Anissa : C'est un festival étudiant organisé par l’association étudiante L’Écran et son double. Il s'agit d'un festival entièrement bénévole et d’ailleurs entièrement gratuit pour les étudiants. Mon rôle se trouve au sein du pôle programmation qui s’appelle « C’est au programme ».

Jade : Ça s’appelle « C’est au programme » car au tout début, la création de Paul Va Au Cinéma se faisait dans le cadre d’un cours de L3 coorganisé par Guilhem Brouillet. On a gardé cette appellation, et au fur et à mesure l’association L’Écran et son double a repris à son compte le festival pour qu’il ne soit plus organisé que par des étudiants. Tout comme Anissa, je fais partie du pôle programmation. Cette année on était entre cinq et six au sein de ce pôle et ça s’est très bien passé ; on est tous rapidement tombés d’accord sur les films que l’on voulait mettre en avant.

Anissa : L’avantage c’est que l’on est tous des amis cinéphiles outre les cours, donc ça s’est reflété au niveau de la programmation.
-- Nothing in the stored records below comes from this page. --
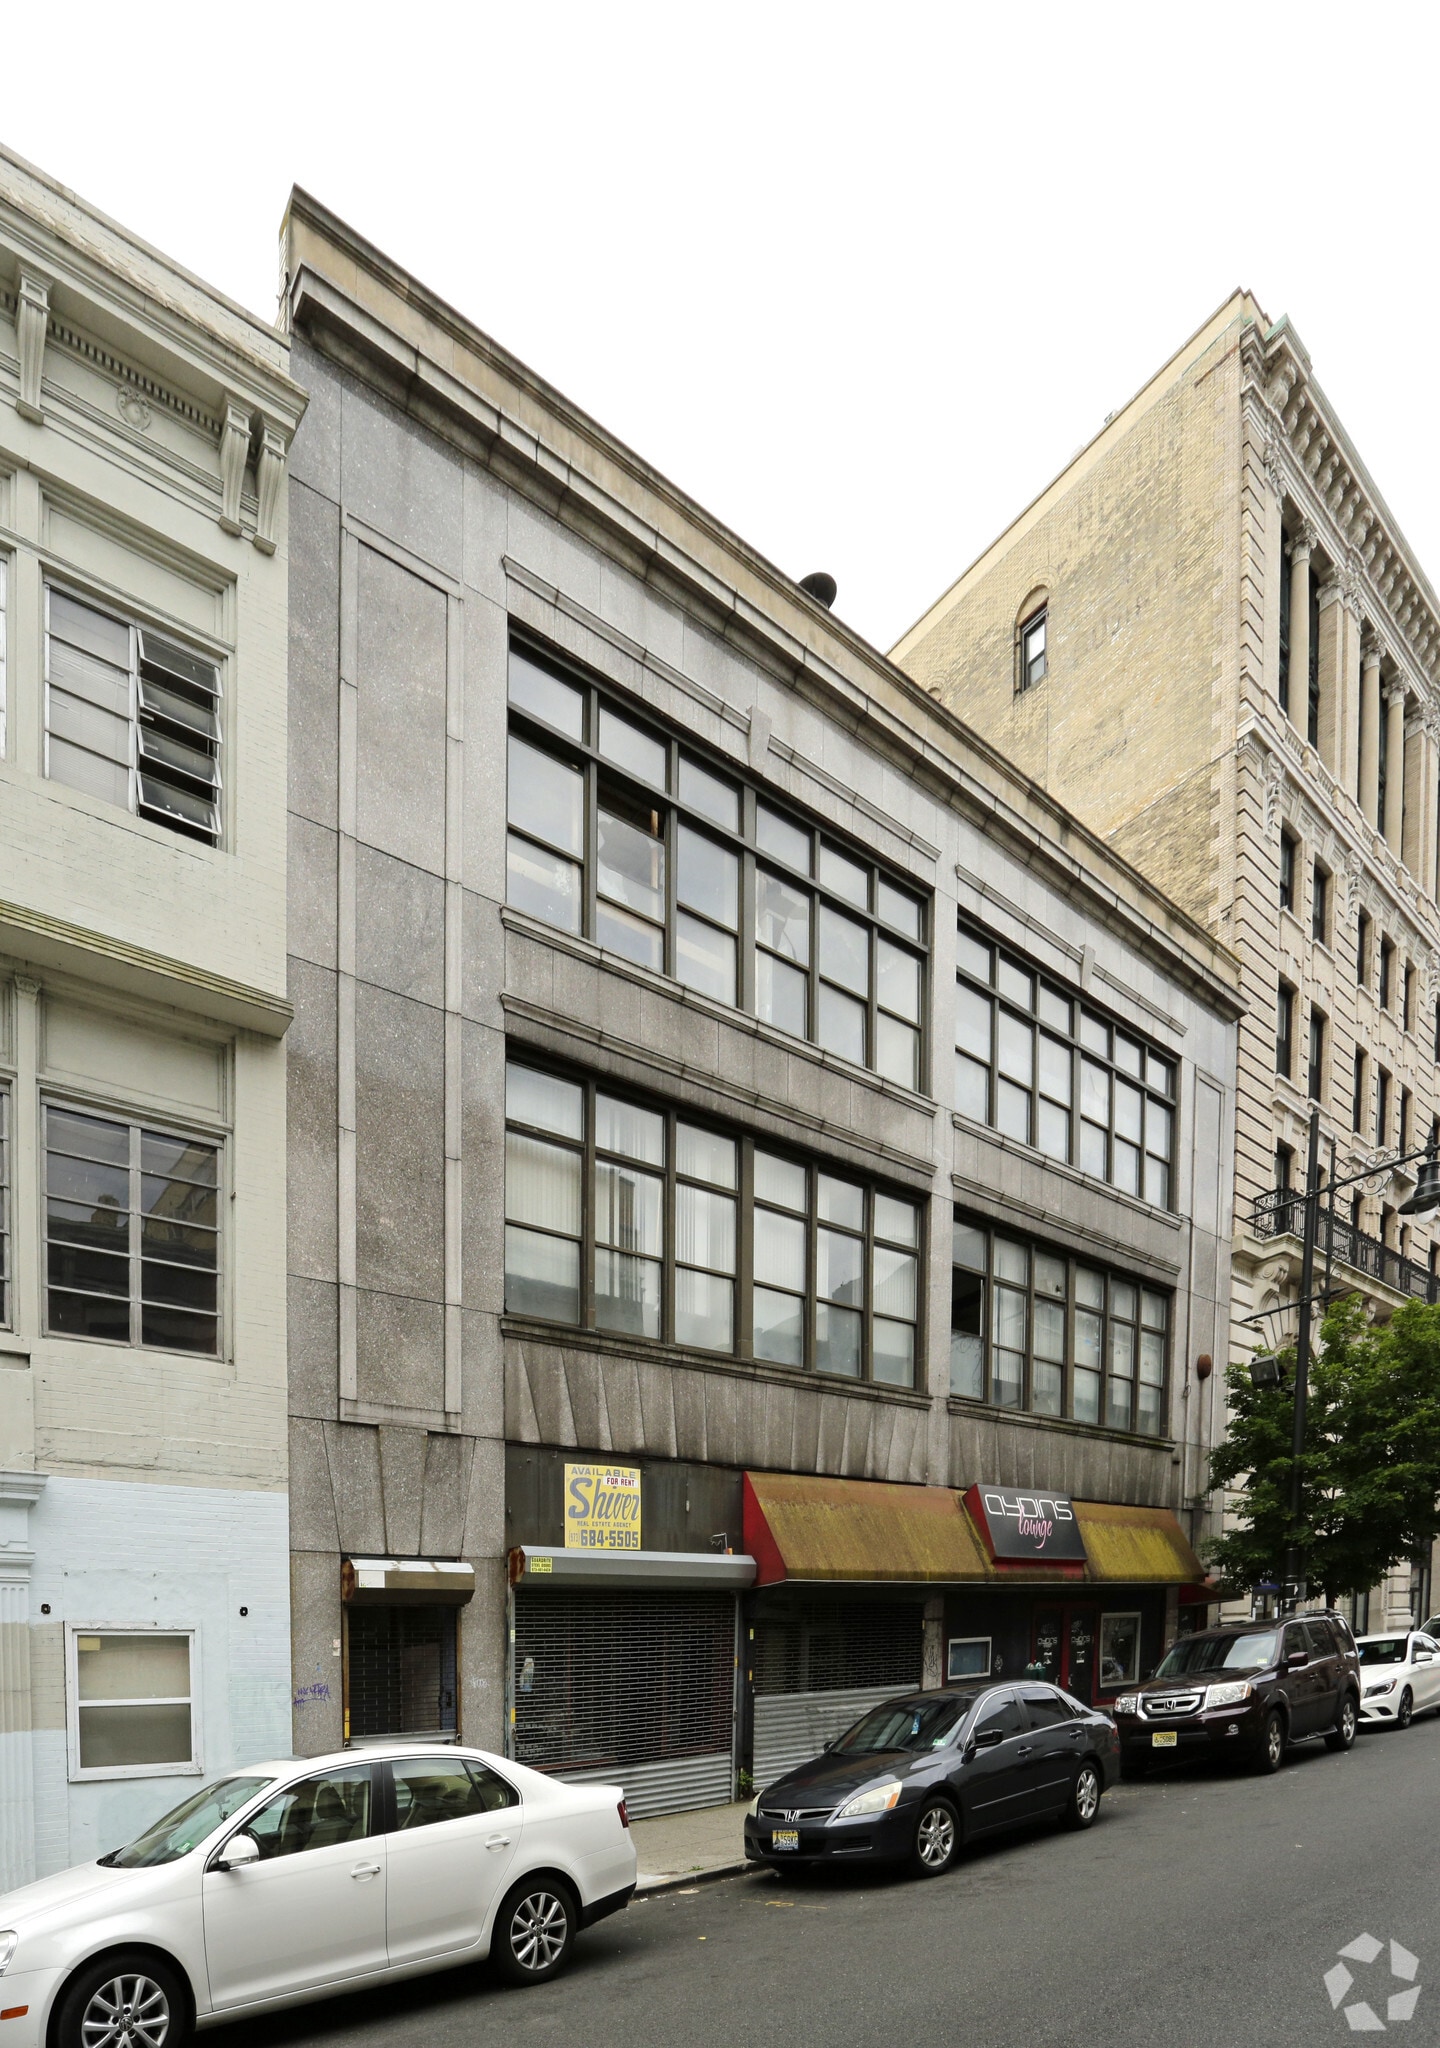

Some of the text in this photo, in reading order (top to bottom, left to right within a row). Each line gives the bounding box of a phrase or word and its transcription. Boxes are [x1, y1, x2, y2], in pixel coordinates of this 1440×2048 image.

[571, 1466, 636, 1479] AVAILABLE
[606, 1477, 635, 1487] FOR RENT
[568, 1477, 640, 1521] Shiver
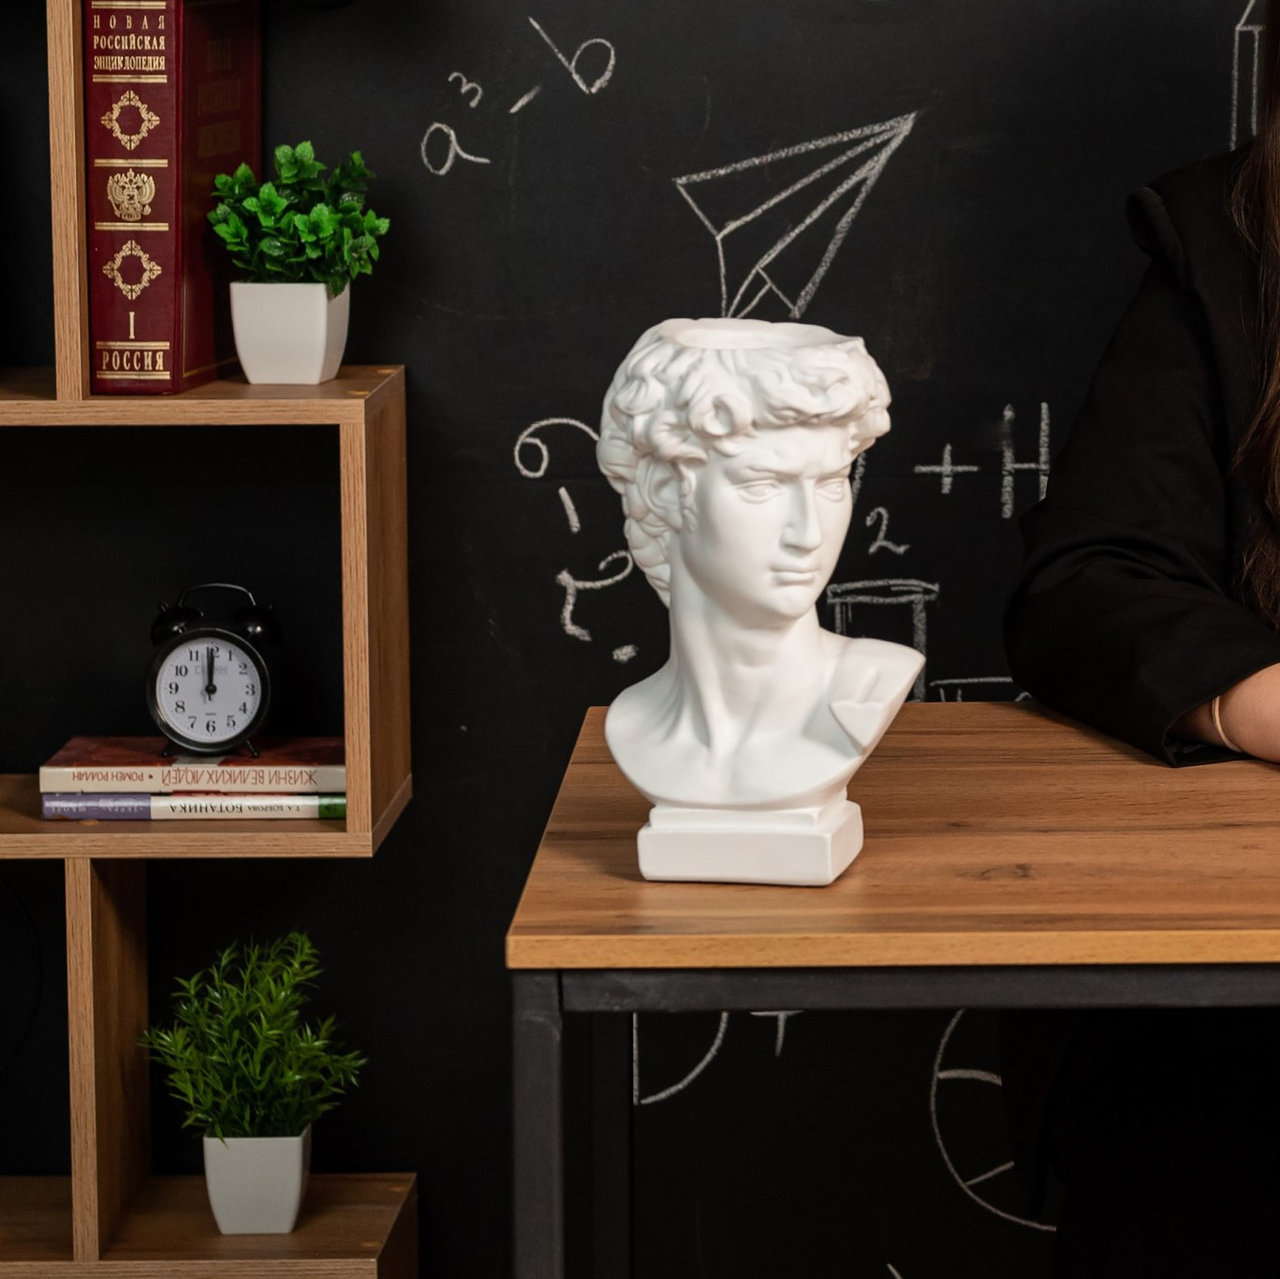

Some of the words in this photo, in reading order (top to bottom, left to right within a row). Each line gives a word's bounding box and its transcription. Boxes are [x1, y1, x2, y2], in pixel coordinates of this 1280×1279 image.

[93, 15, 166, 30] НОВАЯ
[93, 34, 166, 51] РОССИЙСКАЯ
[93, 55, 166, 71] ЭНЦИКЛОПЕДИЯ
[102, 351, 165, 371] РОССИЯ
[174, 665, 188, 677] 10
[238, 663, 248, 676] 2
[169, 682, 179, 695] 9
[245, 684, 256, 696] 3
[174, 700, 185, 713] 8
[239, 702, 248, 714] 4
[188, 716, 197, 729] 7
[206, 720, 216, 733] 6
[226, 715, 236, 728] 5
[72, 770, 109, 782] РОЛЛАН
[111, 770, 144, 782] РОМЕН
[161, 767, 207, 787] ЛЮДЕЙ
[207, 769, 264, 786] ВЕЛИКИХ
[268, 769, 318, 785] ЖИЗНИ
[169, 802, 243, 814] БОТАНИКА
[247, 804, 284, 812] БОБРОВА
On a essayé au maximum d’éviter une programmation qui soit trop un entre-soi et un projet entre amis. Par exemple, Rachel [Alcoverro, trésorière de l’association L’Écran et son double] présentait chaque année des films qui malheureusement n’étaient pas sélectionnés car ils sont trop indépendants, et ce sont des films de niche. Pourtant, cette année on a pu sélectionner une programmation assez pointue.

Comment se passe la sélection des œuvres programmées ? Y-a-t-il un fil conducteur pour le choix des films ?
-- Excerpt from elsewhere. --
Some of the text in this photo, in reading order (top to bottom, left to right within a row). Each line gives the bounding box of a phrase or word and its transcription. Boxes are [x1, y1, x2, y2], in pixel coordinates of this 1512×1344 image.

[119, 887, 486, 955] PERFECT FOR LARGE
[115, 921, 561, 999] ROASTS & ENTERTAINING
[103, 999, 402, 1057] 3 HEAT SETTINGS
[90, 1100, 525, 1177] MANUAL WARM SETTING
Anissa : On n'a pas de thème particulier. Par contre, on souhaite que chaque film puisse toucher les étudiants d’une certaine manière, et surtout on veut présenter des films que les étudiants n’ont pas l’occasion de voir ailleurs. Dans mon cas, ce qui m’intéresse est le cinéma d’Asie de l’Est, j’avais alors proposé un film hong-kongais, un film vietnamien et un film japonais ; c’est le film japonais qui a été sélectionné. L’objectif est que chaque programmateur reflète un pan de cinéphilie.
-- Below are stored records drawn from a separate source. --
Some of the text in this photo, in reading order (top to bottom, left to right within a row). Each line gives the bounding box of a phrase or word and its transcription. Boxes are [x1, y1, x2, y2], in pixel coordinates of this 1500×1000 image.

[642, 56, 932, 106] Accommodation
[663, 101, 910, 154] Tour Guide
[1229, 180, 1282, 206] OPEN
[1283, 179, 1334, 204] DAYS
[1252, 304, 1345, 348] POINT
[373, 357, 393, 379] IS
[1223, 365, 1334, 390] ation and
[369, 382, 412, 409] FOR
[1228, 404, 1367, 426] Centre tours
Jade : Comme l’a dit Anissa, notre angle d’attaque était de mettre en avant des films qui avaient été peu vus ou invisibilisés, des films auxquels les étudiants n’avaient probablement pas eu accès. C’est pour cela que nous avons essayé de mettre en avant des films autant réalisés par des hommes que par des femmes. On a sélectionné par exemple La Bataille de Solférino de Justine Triet, qui est le film qui a révélé cette réalisatrice. C’est aussi un film à la croisée de plusieurs genres – dont la comédie –, donc on pensait aussi que ça pouvait toucher d’une certaine façon le public étudiant. Il y avait également le film La Reconquista [de Jonás Trueba] qui est un film espagnol jamais sorti en France. C’était important à nos yeux de pouvoir amener ces films-là à un public français et à un public étudiant par le biais du festival. C’est cela qui a fait la force de notre programmation.

Comment se négocient les droits avec les professionnels ? Est-ce que vous avez l’impression d’être prises au sérieux en temps qu’étudiantes ?

Anissa : Ça varie selon la structure, c’est-à-dire le distributeur du film. Personnellement, j’ai travaillé avec Carlotta Films [distributeur de films de patrimoine], et la Nikkatsu, producteur et distributeur japonais. Je n’ai pas vraiment eu de problèmes avec eux parce qu’ils sont cools. On a la chance d’avoir Rachel dans l’équipe qui est assez expérimentée et qui nous a fait des mails type pour contacter les distributeurs. J’ai vraiment eu le sentiment d’être prise au sérieux. En plus, au niveau de la négociation des droits, c’est plutôt avantageux de dire qu’on est un festival étudiant, qui plus est quand la séance se passe à la salle Jean Moulin : c’est une séance non commerciale, gratuite, qui prend place dans un cadre associatif, donc on a une réduction au niveau des droits. Jade, elle, a une expérience un peu particulière. [Rires]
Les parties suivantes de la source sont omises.